# GIVEN ENTRIES
►
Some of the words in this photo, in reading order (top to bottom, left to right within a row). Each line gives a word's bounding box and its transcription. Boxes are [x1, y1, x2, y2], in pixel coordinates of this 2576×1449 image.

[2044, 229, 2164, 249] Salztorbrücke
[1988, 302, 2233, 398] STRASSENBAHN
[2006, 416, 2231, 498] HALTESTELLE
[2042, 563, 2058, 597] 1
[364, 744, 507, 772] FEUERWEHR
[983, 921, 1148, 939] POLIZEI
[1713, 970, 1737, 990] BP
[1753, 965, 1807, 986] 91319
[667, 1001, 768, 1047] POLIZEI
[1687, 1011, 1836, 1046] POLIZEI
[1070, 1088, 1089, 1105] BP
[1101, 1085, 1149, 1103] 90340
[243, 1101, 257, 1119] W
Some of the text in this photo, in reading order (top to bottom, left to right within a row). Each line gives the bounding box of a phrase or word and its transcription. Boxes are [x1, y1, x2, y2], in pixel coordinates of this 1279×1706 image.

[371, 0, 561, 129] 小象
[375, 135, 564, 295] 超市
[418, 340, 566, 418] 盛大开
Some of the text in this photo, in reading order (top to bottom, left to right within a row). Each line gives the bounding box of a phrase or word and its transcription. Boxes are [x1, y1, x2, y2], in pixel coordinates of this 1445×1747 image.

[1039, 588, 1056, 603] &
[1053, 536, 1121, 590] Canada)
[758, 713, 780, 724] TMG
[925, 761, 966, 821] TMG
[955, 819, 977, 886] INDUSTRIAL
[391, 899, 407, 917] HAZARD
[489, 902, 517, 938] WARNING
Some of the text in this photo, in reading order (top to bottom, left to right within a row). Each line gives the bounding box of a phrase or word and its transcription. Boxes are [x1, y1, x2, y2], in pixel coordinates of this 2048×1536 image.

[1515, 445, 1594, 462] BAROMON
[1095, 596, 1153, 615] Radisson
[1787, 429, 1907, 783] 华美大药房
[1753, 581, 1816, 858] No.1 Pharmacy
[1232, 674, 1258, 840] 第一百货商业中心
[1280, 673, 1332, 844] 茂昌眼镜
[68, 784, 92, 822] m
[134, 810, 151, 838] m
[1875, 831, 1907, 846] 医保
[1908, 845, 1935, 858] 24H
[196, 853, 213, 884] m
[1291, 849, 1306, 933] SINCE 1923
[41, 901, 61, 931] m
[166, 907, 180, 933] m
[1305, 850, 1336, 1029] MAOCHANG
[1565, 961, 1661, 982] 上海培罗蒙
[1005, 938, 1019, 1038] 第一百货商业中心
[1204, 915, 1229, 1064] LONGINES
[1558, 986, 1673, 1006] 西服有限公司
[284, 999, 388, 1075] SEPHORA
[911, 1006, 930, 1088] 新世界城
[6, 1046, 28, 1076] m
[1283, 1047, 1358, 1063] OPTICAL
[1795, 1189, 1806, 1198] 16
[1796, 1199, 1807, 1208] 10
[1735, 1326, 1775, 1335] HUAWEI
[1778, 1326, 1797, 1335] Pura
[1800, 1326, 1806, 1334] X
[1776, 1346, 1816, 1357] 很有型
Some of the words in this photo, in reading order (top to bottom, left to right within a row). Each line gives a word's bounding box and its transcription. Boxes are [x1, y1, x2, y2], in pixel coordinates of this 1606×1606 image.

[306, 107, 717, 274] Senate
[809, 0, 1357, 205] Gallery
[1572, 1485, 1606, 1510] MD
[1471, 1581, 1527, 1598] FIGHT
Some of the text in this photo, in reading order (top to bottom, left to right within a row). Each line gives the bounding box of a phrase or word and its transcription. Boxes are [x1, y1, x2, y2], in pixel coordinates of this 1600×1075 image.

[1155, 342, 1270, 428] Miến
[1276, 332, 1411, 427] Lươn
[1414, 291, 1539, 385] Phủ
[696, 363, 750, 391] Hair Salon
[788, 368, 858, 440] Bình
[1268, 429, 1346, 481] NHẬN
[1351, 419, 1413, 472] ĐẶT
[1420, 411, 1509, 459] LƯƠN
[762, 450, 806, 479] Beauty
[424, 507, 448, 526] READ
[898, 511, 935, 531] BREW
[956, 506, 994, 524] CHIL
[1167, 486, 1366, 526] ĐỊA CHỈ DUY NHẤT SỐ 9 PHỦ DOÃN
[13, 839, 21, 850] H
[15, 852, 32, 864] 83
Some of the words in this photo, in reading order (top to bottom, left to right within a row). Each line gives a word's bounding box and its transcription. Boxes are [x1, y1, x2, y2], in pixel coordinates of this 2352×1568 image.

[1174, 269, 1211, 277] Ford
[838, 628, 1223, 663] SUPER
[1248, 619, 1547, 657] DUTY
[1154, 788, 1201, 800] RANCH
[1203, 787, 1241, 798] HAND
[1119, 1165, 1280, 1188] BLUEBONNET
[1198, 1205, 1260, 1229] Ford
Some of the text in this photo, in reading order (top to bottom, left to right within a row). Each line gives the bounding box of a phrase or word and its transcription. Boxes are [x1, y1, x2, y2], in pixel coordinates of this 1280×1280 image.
◄
# TASK BRIEF
The expected response is every record, reproduced word for word.

# RESPONSE TO THIS TASK
Some of the words in this photo, in reading order (top to bottom, left to right within a row). Each line gives a word's bounding box and its transcription. Boxes are [x1, y1, x2, y2], in pixel coordinates of this 2576×1449 image.

[2044, 229, 2164, 249] Salztorbrücke
[1988, 302, 2233, 398] STRASSENBAHN
[2006, 416, 2231, 498] HALTESTELLE
[2042, 563, 2058, 597] 1
[364, 744, 507, 772] FEUERWEHR
[983, 921, 1148, 939] POLIZEI
[1713, 970, 1737, 990] BP
[1753, 965, 1807, 986] 91319
[667, 1001, 768, 1047] POLIZEI
[1687, 1011, 1836, 1046] POLIZEI
[1070, 1088, 1089, 1105] BP
[1101, 1085, 1149, 1103] 90340
[243, 1101, 257, 1119] W
Some of the text in this photo, in reading order (top to bottom, left to right within a row). Each line gives the bounding box of a phrase or word and its transcription. Boxes are [x1, y1, x2, y2], in pixel coordinates of this 1279×1706 image.

[371, 0, 561, 129] 小象
[375, 135, 564, 295] 超市
[418, 340, 566, 418] 盛大开
Some of the text in this photo, in reading order (top to bottom, left to right within a row). Each line gives the bounding box of a phrase or word and its transcription. Boxes are [x1, y1, x2, y2], in pixel coordinates of this 1445×1747 image.

[1039, 588, 1056, 603] &
[1053, 536, 1121, 590] Canada)
[758, 713, 780, 724] TMG
[925, 761, 966, 821] TMG
[955, 819, 977, 886] INDUSTRIAL
[391, 899, 407, 917] HAZARD
[489, 902, 517, 938] WARNING
Some of the text in this photo, in reading order (top to bottom, left to right within a row). Each line gives the bounding box of a phrase or word and its transcription. Boxes are [x1, y1, x2, y2], in pixel coordinates of this 2048×1536 image.

[1515, 445, 1594, 462] BAROMON
[1095, 596, 1153, 615] Radisson
[1787, 429, 1907, 783] 华美大药房
[1753, 581, 1816, 858] No.1 Pharmacy
[1232, 674, 1258, 840] 第一百货商业中心
[1280, 673, 1332, 844] 茂昌眼镜
[68, 784, 92, 822] m
[134, 810, 151, 838] m
[1875, 831, 1907, 846] 医保
[1908, 845, 1935, 858] 24H
[196, 853, 213, 884] m
[1291, 849, 1306, 933] SINCE 1923
[41, 901, 61, 931] m
[166, 907, 180, 933] m
[1305, 850, 1336, 1029] MAOCHANG
[1565, 961, 1661, 982] 上海培罗蒙
[1005, 938, 1019, 1038] 第一百货商业中心
[1204, 915, 1229, 1064] LONGINES
[1558, 986, 1673, 1006] 西服有限公司
[284, 999, 388, 1075] SEPHORA
[911, 1006, 930, 1088] 新世界城
[6, 1046, 28, 1076] m
[1283, 1047, 1358, 1063] OPTICAL
[1795, 1189, 1806, 1198] 16
[1796, 1199, 1807, 1208] 10
[1735, 1326, 1775, 1335] HUAWEI
[1778, 1326, 1797, 1335] Pura
[1800, 1326, 1806, 1334] X
[1776, 1346, 1816, 1357] 很有型
Some of the words in this photo, in reading order (top to bottom, left to right within a row). Each line gives a word's bounding box and its transcription. Boxes are [x1, y1, x2, y2], in pixel coordinates of this 1606×1606 image.

[306, 107, 717, 274] Senate
[809, 0, 1357, 205] Gallery
[1572, 1485, 1606, 1510] MD
[1471, 1581, 1527, 1598] FIGHT
Some of the text in this photo, in reading order (top to bottom, left to right within a row). Each line gives the bounding box of a phrase or word and its transcription. Boxes are [x1, y1, x2, y2], in pixel coordinates of this 1600×1075 image.

[1155, 342, 1270, 428] Miến
[1276, 332, 1411, 427] Lươn
[1414, 291, 1539, 385] Phủ
[696, 363, 750, 391] Hair Salon
[788, 368, 858, 440] Bình
[1268, 429, 1346, 481] NHẬN
[1351, 419, 1413, 472] ĐẶT
[1420, 411, 1509, 459] LƯƠN
[762, 450, 806, 479] Beauty
[424, 507, 448, 526] READ
[898, 511, 935, 531] BREW
[956, 506, 994, 524] CHIL
[1167, 486, 1366, 526] ĐỊA CHỈ DUY NHẤT SỐ 9 PHỦ DOÃN
[13, 839, 21, 850] H
[15, 852, 32, 864] 83
Some of the words in this photo, in reading order (top to bottom, left to right within a row). Each line gives a word's bounding box and its transcription. Boxes are [x1, y1, x2, y2], in pixel coordinates of this 2352×1568 image.

[1174, 269, 1211, 277] Ford
[838, 628, 1223, 663] SUPER
[1248, 619, 1547, 657] DUTY
[1154, 788, 1201, 800] RANCH
[1203, 787, 1241, 798] HAND
[1119, 1165, 1280, 1188] BLUEBONNET
[1198, 1205, 1260, 1229] Ford
Some of the text in this photo, in reading order (top to bottom, left to right within a row). Each line gives the bounding box of a phrase or word and its transcription. Boxes are [x1, y1, x2, y2], in pixel coordinates of this 1280×1280 image.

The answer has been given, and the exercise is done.